Representan una jaculatoria pagana
dirigida a la madre.
Aleksy
relata en primera persona aquel verano que pasó con ella. Lo
observa todo desde su momento actual, cuando tiene la misma edad que su madre
en aquellas vacaciones. Escribe desde
una edad adulta muy rota. Cuando se pone a redactar han transcurrido unos
veinte años, que se han ido llenando de ternura, de pasión, de abundancia, de excentricidad,
de dolor, de mucho dolor.
La primera persona supone una gran cercanía entre lector
y narrador, que habla desde el interior, que llena de subjetividad la novela.
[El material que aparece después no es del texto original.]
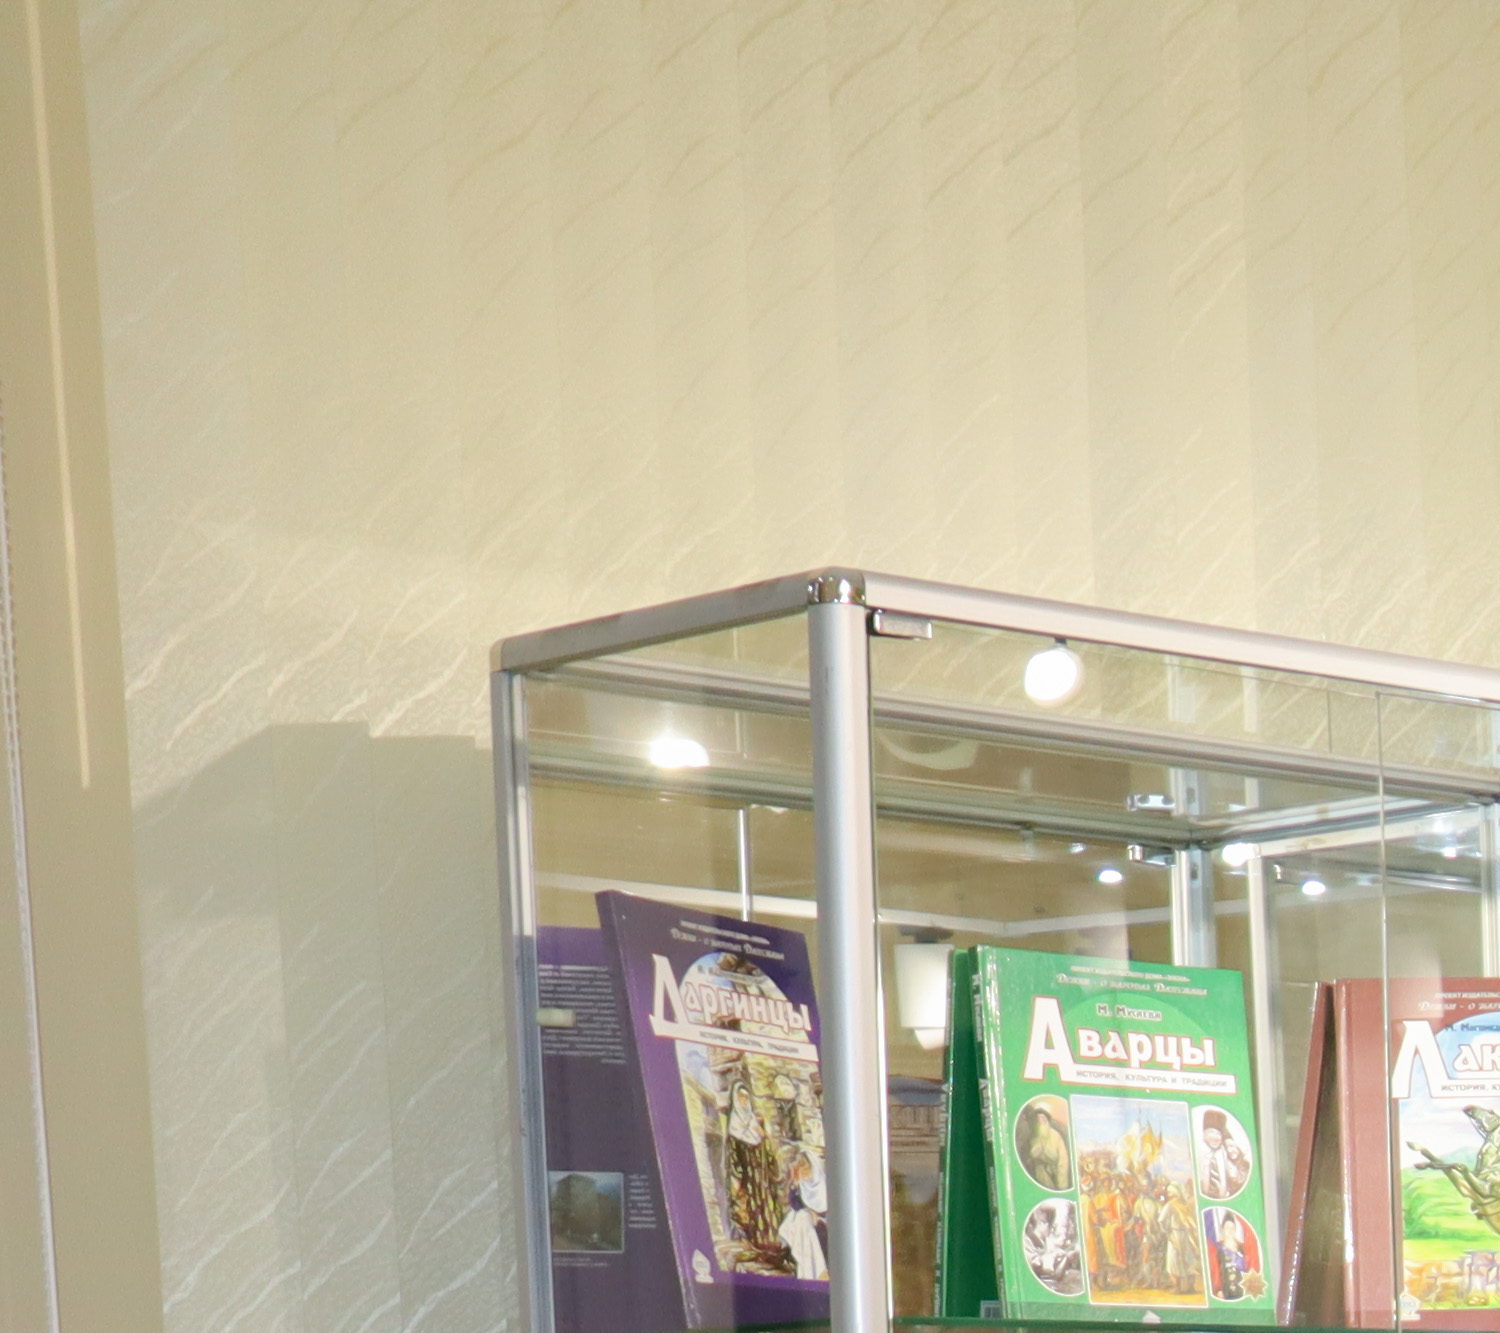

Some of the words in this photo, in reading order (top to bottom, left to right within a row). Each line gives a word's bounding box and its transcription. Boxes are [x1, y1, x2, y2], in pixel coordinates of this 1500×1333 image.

[649, 953, 812, 1035] Даргинцы
[1023, 995, 1216, 1081] Аварцы
[1441, 1083, 1489, 1092] ИСТОРИЯ,
Todo
circula alrededor de lo que piensa, de lo que siente el sujeto.
Los detalles, los hechos importan menos porque nos
movemos en el territorio de lo que siente el que habla. Utiliza una lengua propia, que muchas veces escapa a nuestro intelecto,
pero que sentimos con el corazón. Si cada lengua encierra una cosmovisión,
en este libro se esconde la de Aleksy.
La narración comienza cuando se termina su periodo
escolar en un correccional. Su madre no parece muy contenta al ir a recogerlo.
Él la hace esperar en la acera, la observa desde la ventana, la odia. Para los
demás padres no tiene una mirada más complaciente: “Un triste hatajo de perlas falsas y corbatas baratas, venidos a
recoger a sus hijos defectuosos, escondidos de los ojos de la gente.” Su
mejor amigo se despide diciéndole que no se suicide ese verano, el segundo se
hallaba allá abajo plantado “como una
mierda de perro”. El colegio era tan horrible que en él “no aguantaban ni las infecciones.”
Todas
sus palabras están cubiertas por un velo de negatividad, habla su rabia, su
resentimiento, su falta de amor, el infortunio que ha sido su vida. Canta su propia canción,
llena de sarcasmo.
Una atmósfera aborrecible y lúgubre baña estas páginas, con la excepción de aquellos meses con una luz muy brillante que lo inundará todo
y más tarde dará paso a la
oscuridad total.
La madre tiene que
prometerle algo que desea mucho para que acceda a acompañarla a un pueblecito francés junto al océano.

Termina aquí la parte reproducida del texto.